▸ DIRECTIONS: Return the listing below unchanged, minus its pictures.

▸ RECORDED DATA:
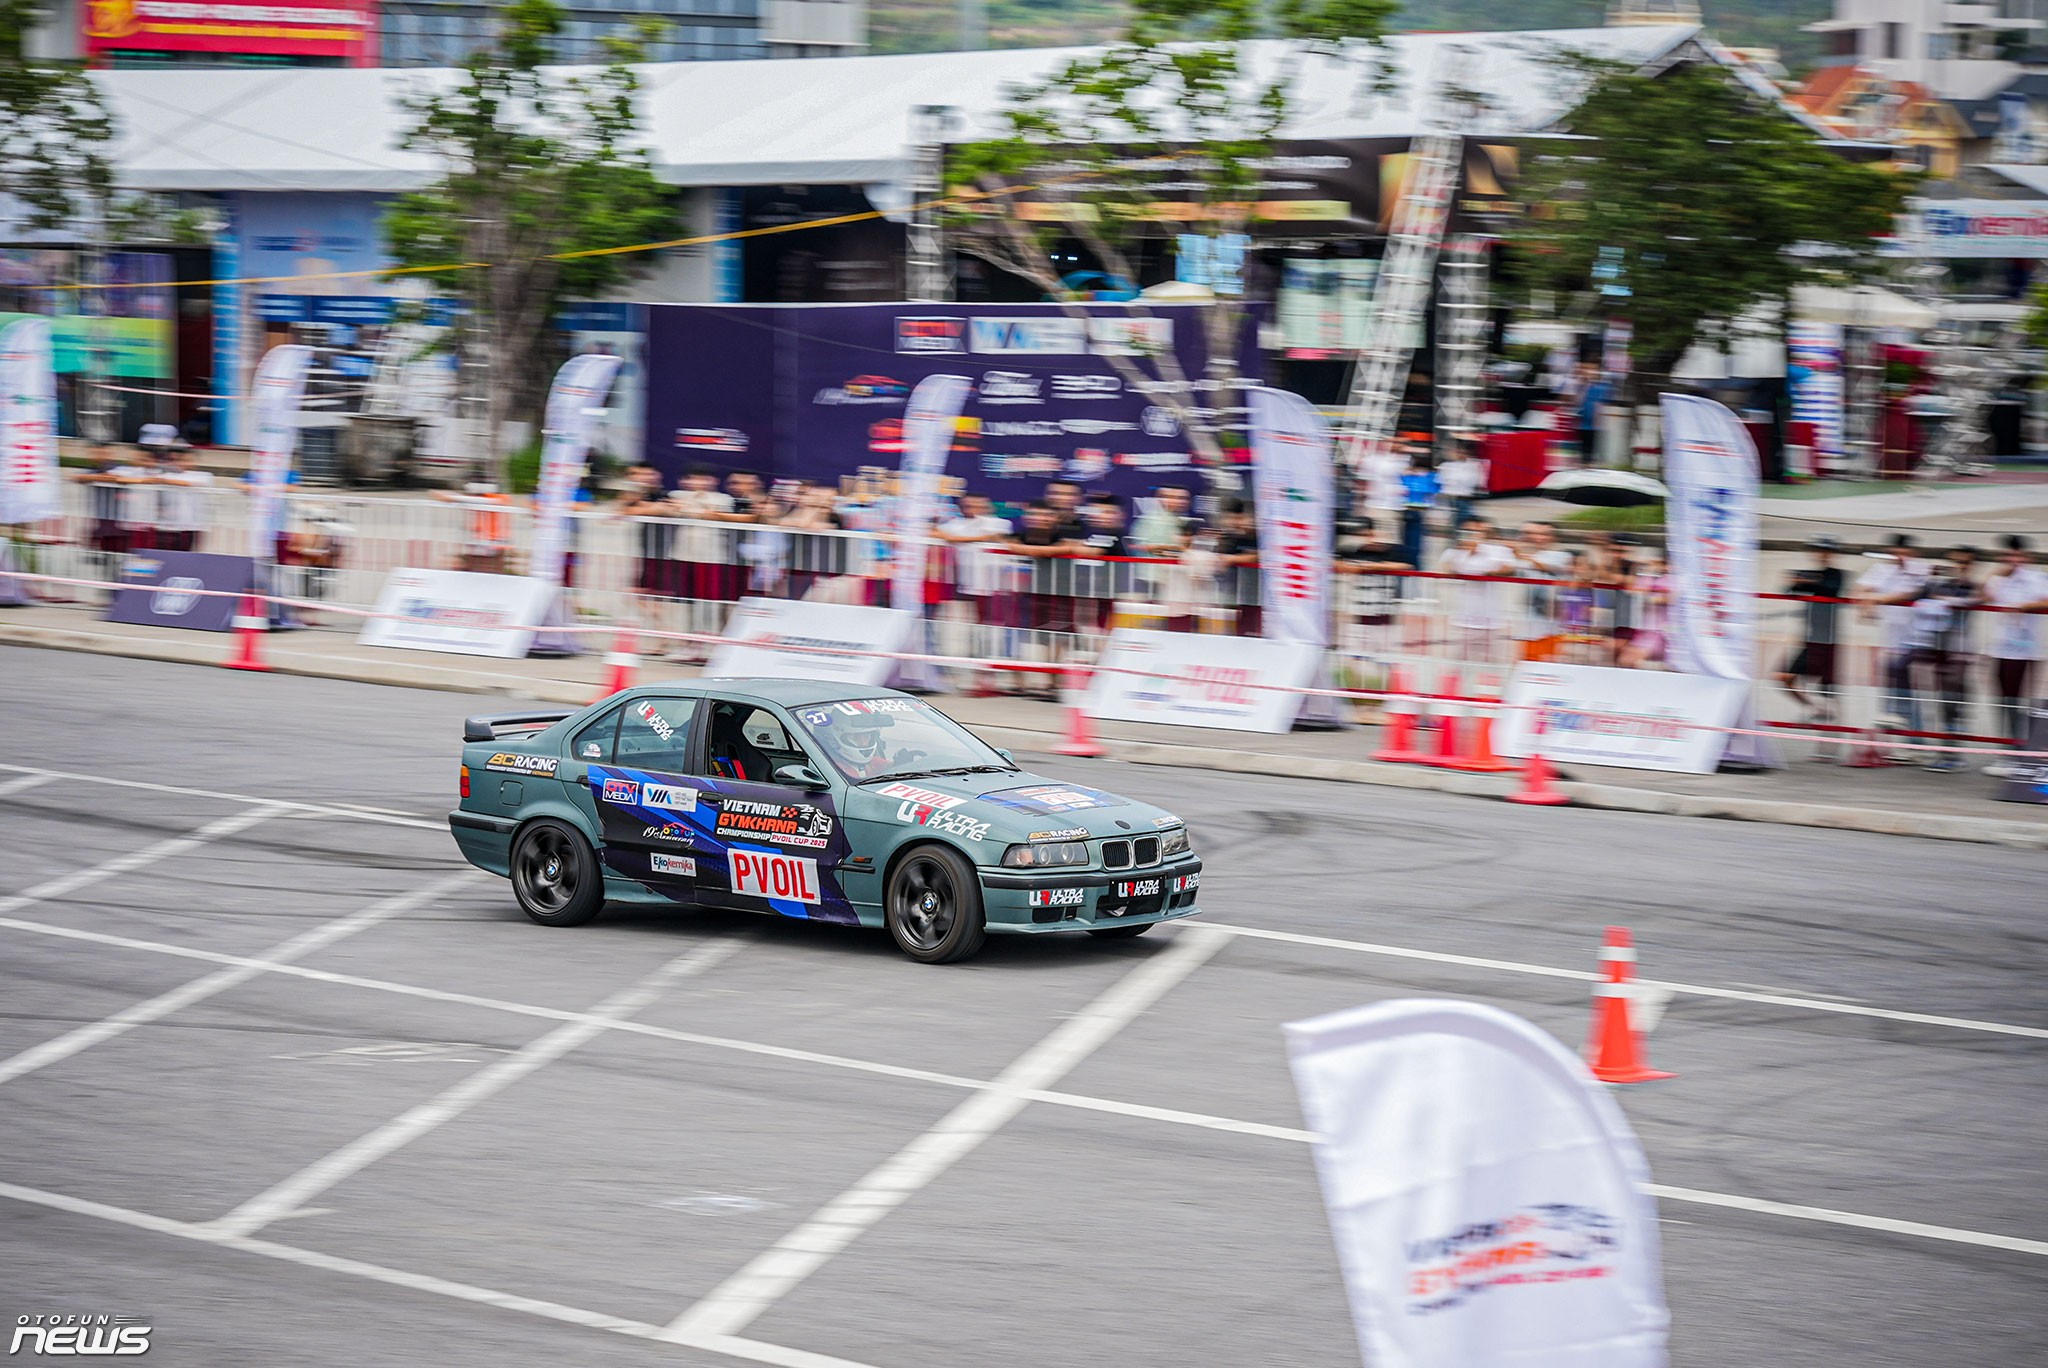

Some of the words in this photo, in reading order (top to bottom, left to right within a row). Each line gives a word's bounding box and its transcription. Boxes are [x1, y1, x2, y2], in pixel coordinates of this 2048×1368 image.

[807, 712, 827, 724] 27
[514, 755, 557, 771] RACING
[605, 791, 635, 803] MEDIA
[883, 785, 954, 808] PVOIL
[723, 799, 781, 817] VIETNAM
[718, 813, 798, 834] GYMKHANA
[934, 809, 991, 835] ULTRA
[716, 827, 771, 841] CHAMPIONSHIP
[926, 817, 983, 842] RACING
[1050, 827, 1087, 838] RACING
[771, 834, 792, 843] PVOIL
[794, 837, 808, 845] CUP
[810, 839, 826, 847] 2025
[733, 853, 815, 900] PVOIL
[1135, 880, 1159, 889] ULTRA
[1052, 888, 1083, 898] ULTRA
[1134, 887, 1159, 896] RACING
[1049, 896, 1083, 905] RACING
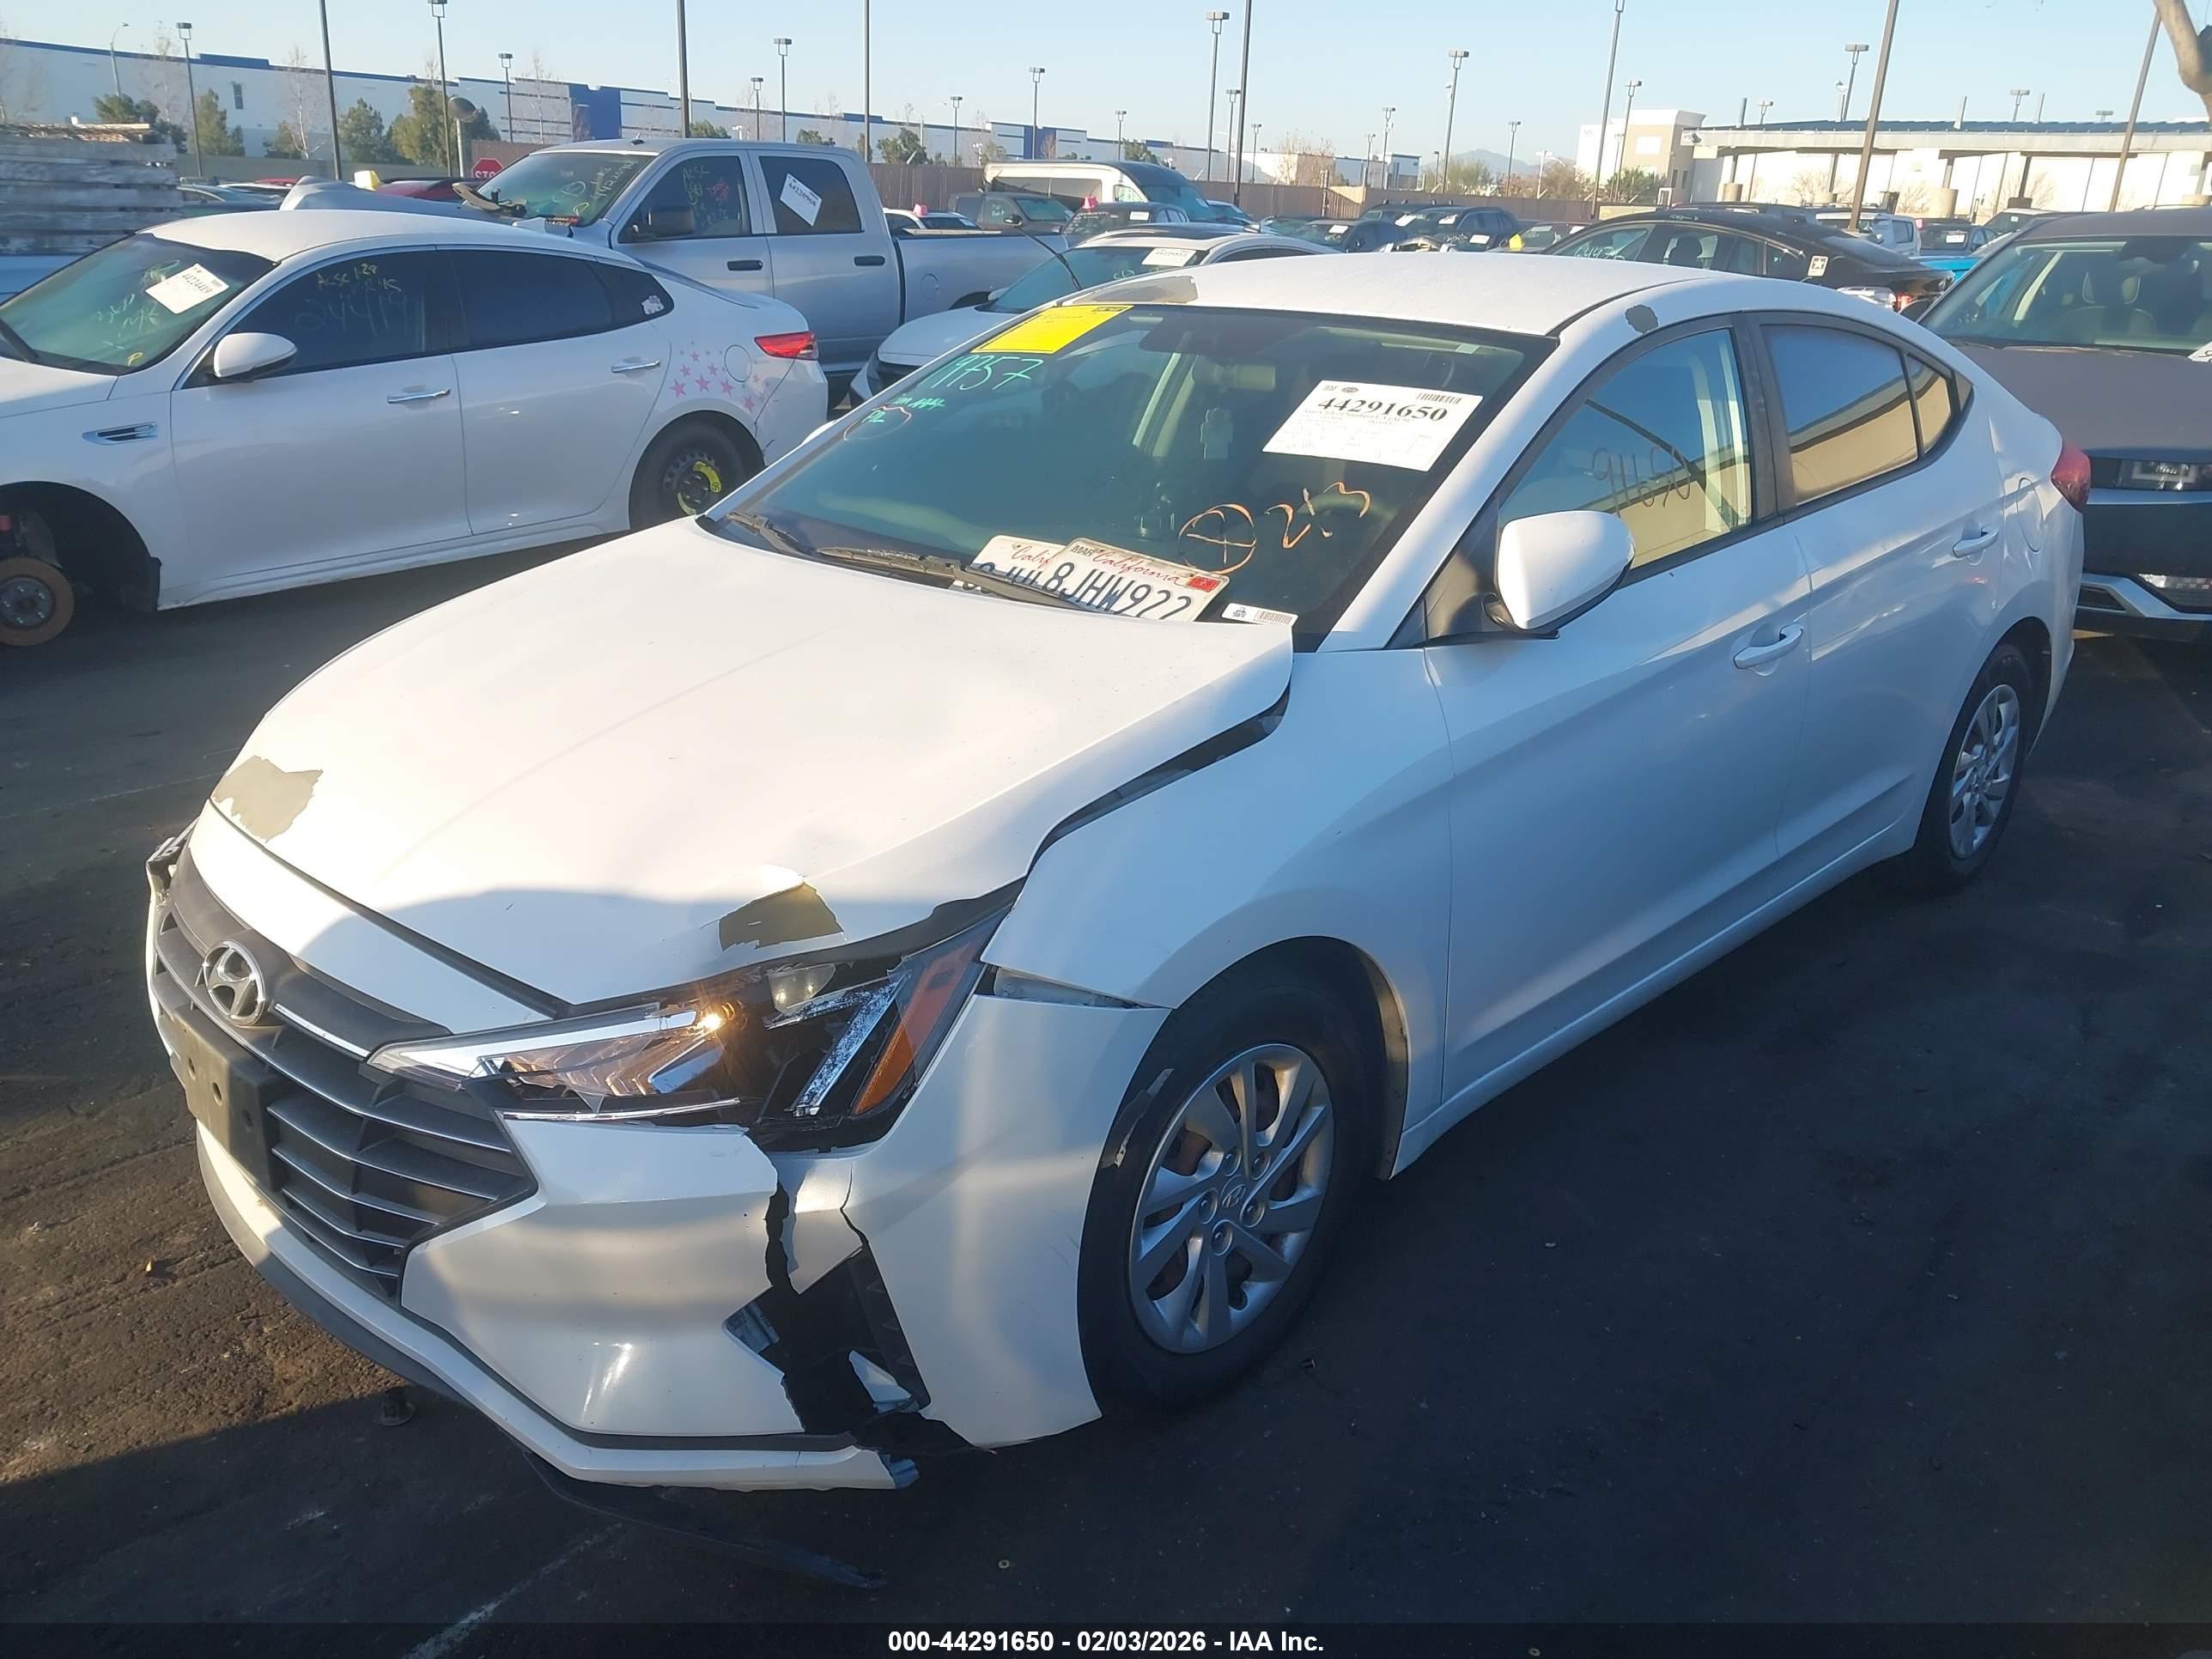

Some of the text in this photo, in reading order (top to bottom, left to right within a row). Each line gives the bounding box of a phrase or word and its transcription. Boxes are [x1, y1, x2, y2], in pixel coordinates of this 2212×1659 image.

▸ OUTPUT:
Some of the words in this photo, in reading order (top to bottom, left to right within a row). Each line gives a word's bounding box and its transcription. Boxes are [x1, y1, x2, y2], in pixel coordinates of this 2048×1368 image.

[807, 712, 827, 724] 27
[514, 755, 557, 771] RACING
[605, 791, 635, 803] MEDIA
[883, 785, 954, 808] PVOIL
[723, 799, 781, 817] VIETNAM
[718, 813, 798, 834] GYMKHANA
[934, 809, 991, 835] ULTRA
[716, 827, 771, 841] CHAMPIONSHIP
[926, 817, 983, 842] RACING
[1050, 827, 1087, 838] RACING
[771, 834, 792, 843] PVOIL
[794, 837, 808, 845] CUP
[810, 839, 826, 847] 2025
[733, 853, 815, 900] PVOIL
[1135, 880, 1159, 889] ULTRA
[1052, 888, 1083, 898] ULTRA
[1134, 887, 1159, 896] RACING
[1049, 896, 1083, 905] RACING

Some of the text in this photo, in reading order (top to bottom, left to right within a row). Each line gives the bounding box of a phrase or word and its transcription. Boxes are [x1, y1, x2, y2], in pixel coordinates of this 2212×1659 image.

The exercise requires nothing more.